Have to say for all the excitement on here on what is, to be honest, a fairly bog-standard "hot snap", the output as a whole isn't wholly inspiring this morning for those wanting another burst of heat.

To be fair, though, if you want settled, reasonable, average mid-July fare, GFS has plenty of that on offer:

gfs-0-144.png?0

Very reasonable for the south and a "typical" summer chart with the Azores HP ridging over southern Britain. No chance of plumes or storms from that but if 25c and reasonable humidity works for you, you'll be fine.
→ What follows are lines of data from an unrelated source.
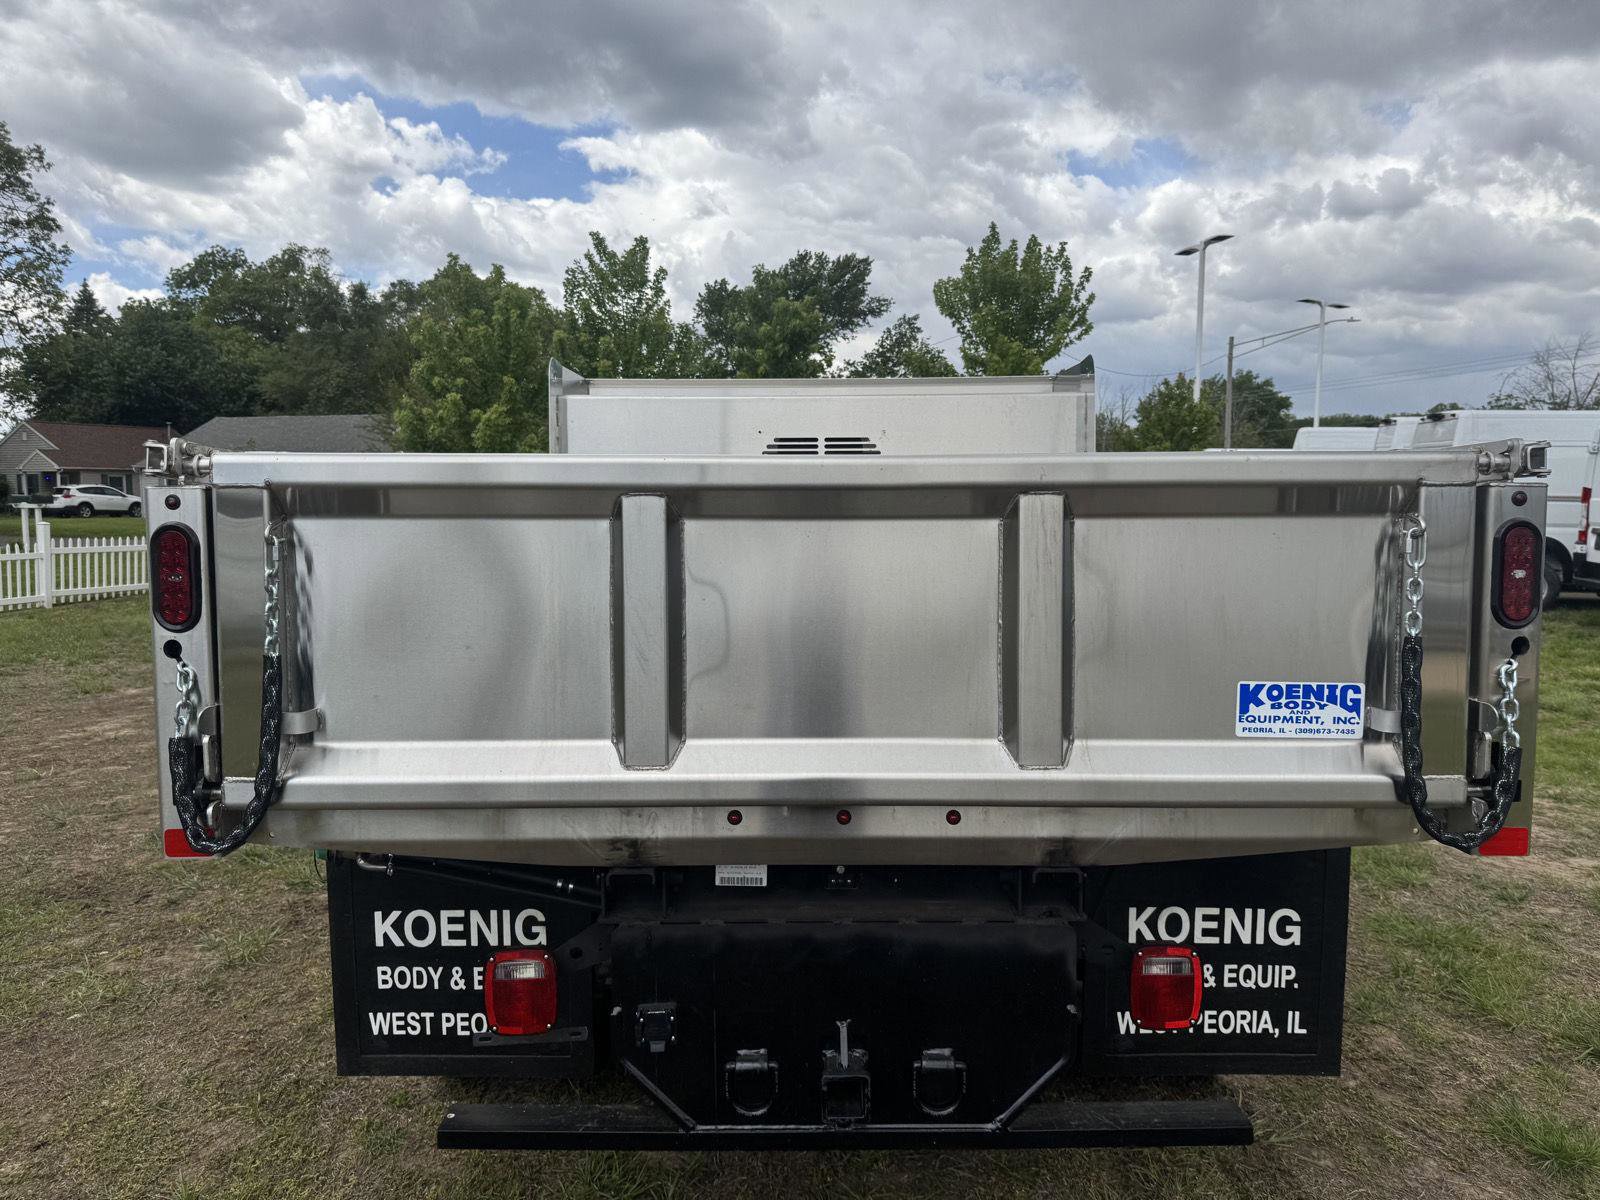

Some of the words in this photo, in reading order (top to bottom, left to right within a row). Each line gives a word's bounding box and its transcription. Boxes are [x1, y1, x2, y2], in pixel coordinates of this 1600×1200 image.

[1239, 683, 1362, 720] KOENIG
[1270, 700, 1330, 710] BODY
[1238, 714, 1324, 726] EQUIPMENT,
[1332, 716, 1360, 725] INC.
[374, 908, 547, 947] KOENIG
[1128, 906, 1301, 946] KOENIG
[377, 966, 443, 990] BODY
[450, 966, 467, 990] &
[1224, 964, 1299, 990] EQUIP.
[369, 1012, 435, 1036] WEST
[1287, 1011, 1308, 1035] IL
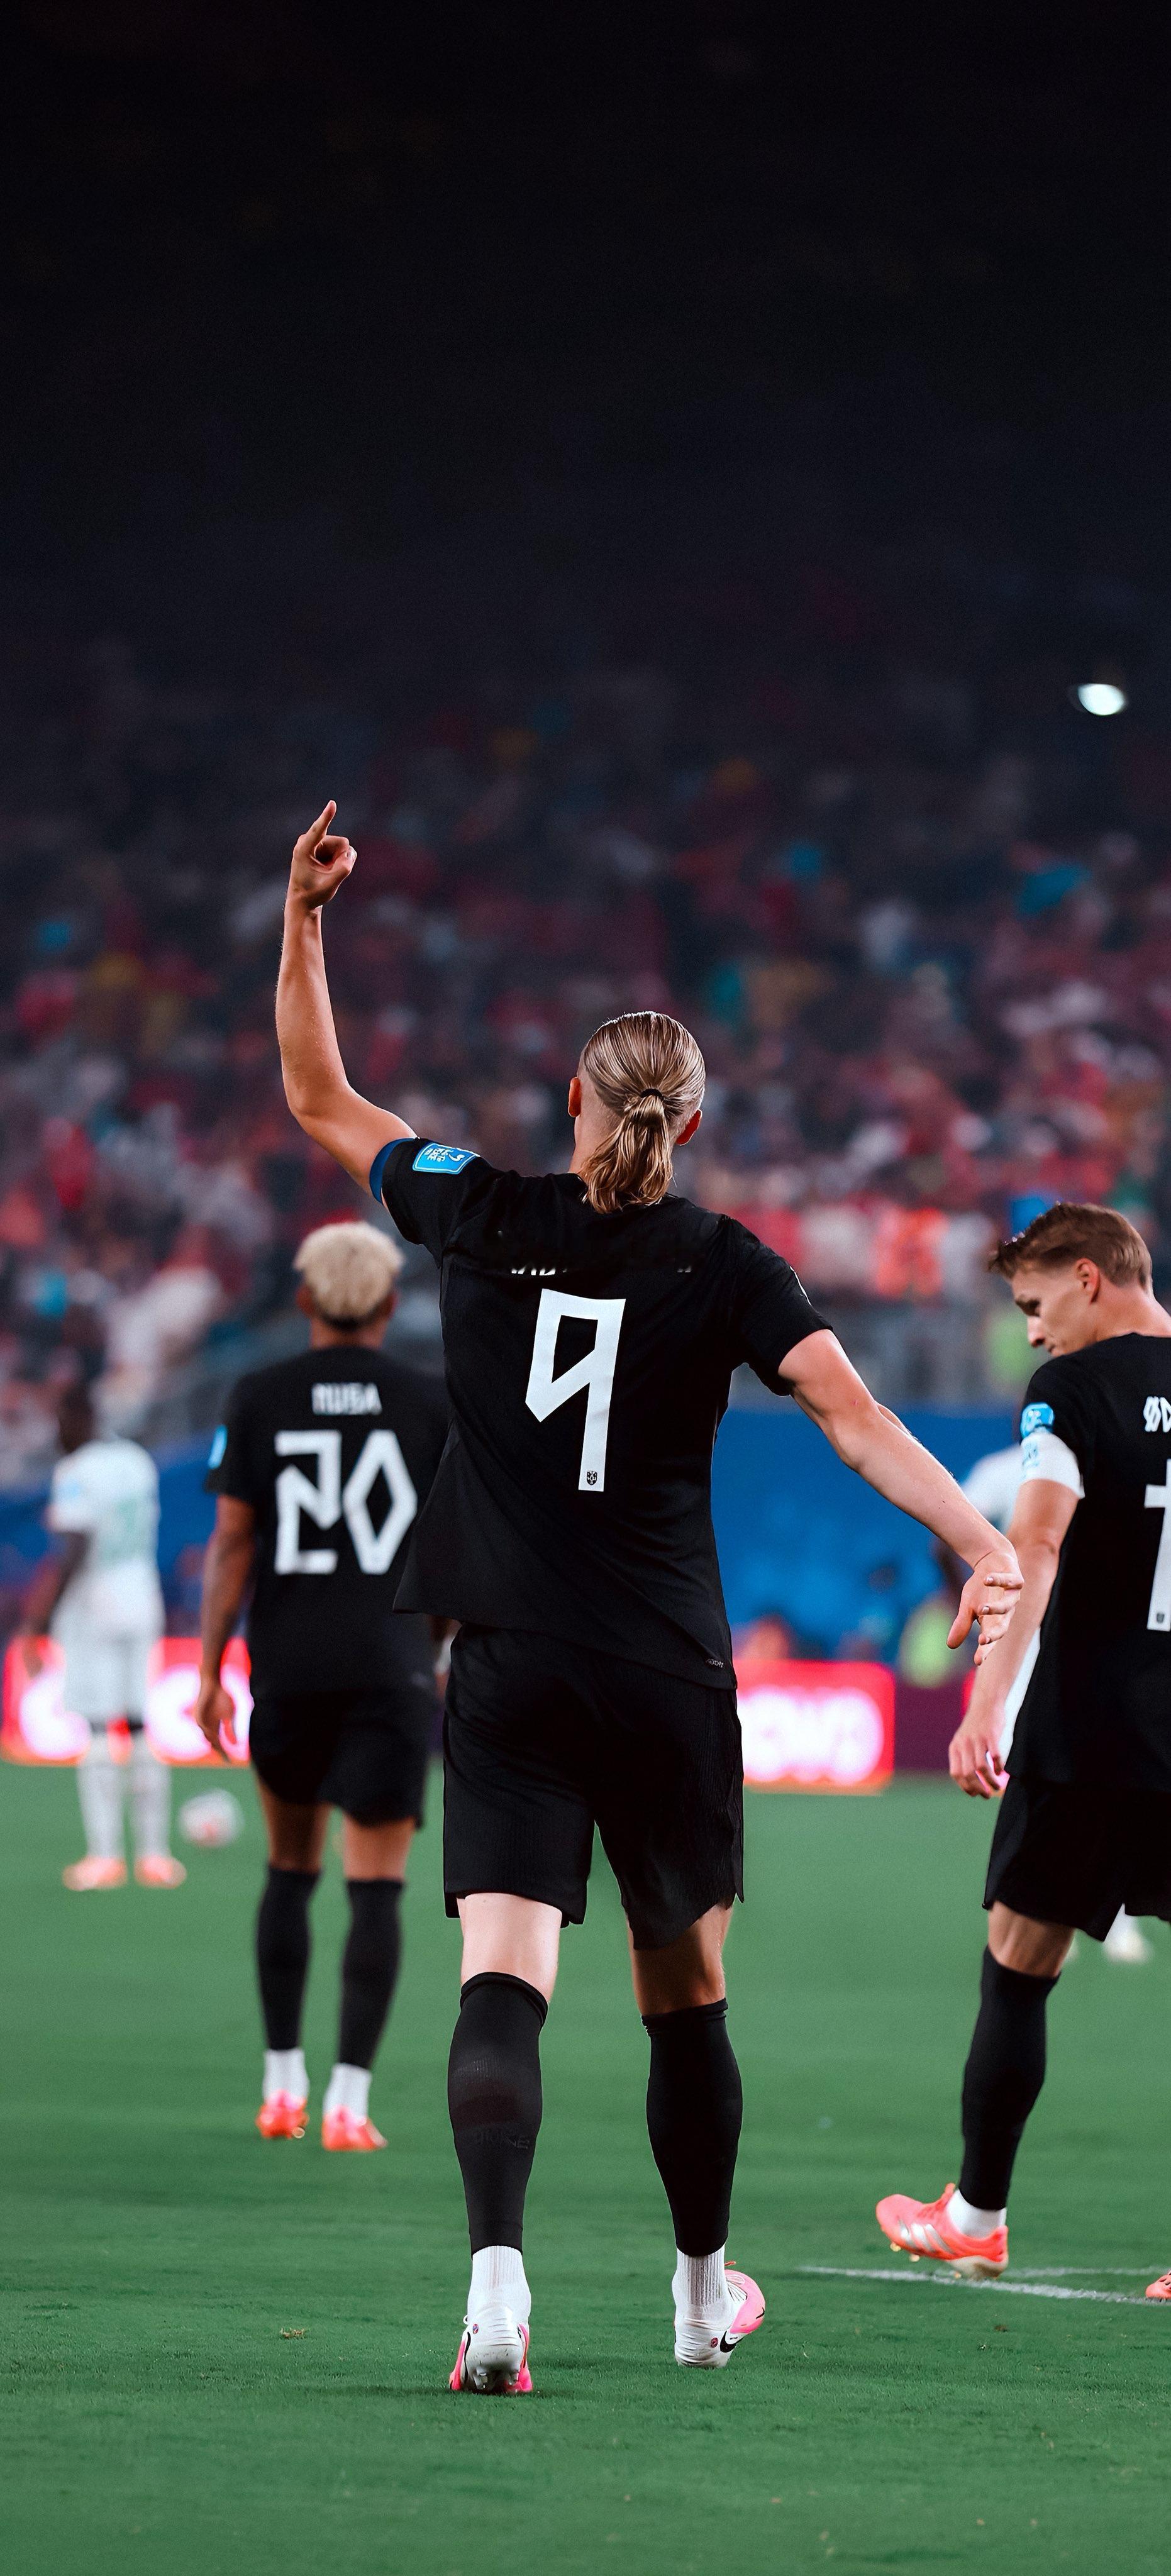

Ominous signs and they've been there for a while of a pattern change as we reach the end of the month. Heights rebuilding over Greenland and points north and the jet coming back south do not augur well for what is, I believe, the wettest month of the year statistically:

gfs-0-240.png?0

Far too early to be too pessimistic but ECM offers a similar path to a return to cooler, more unsettled and GEM is, if anything, worse so there are signs that while we have some lovely summer weather over the next week or so, the turn of the month and into August isn't looking at this stage anywhere near so helpful.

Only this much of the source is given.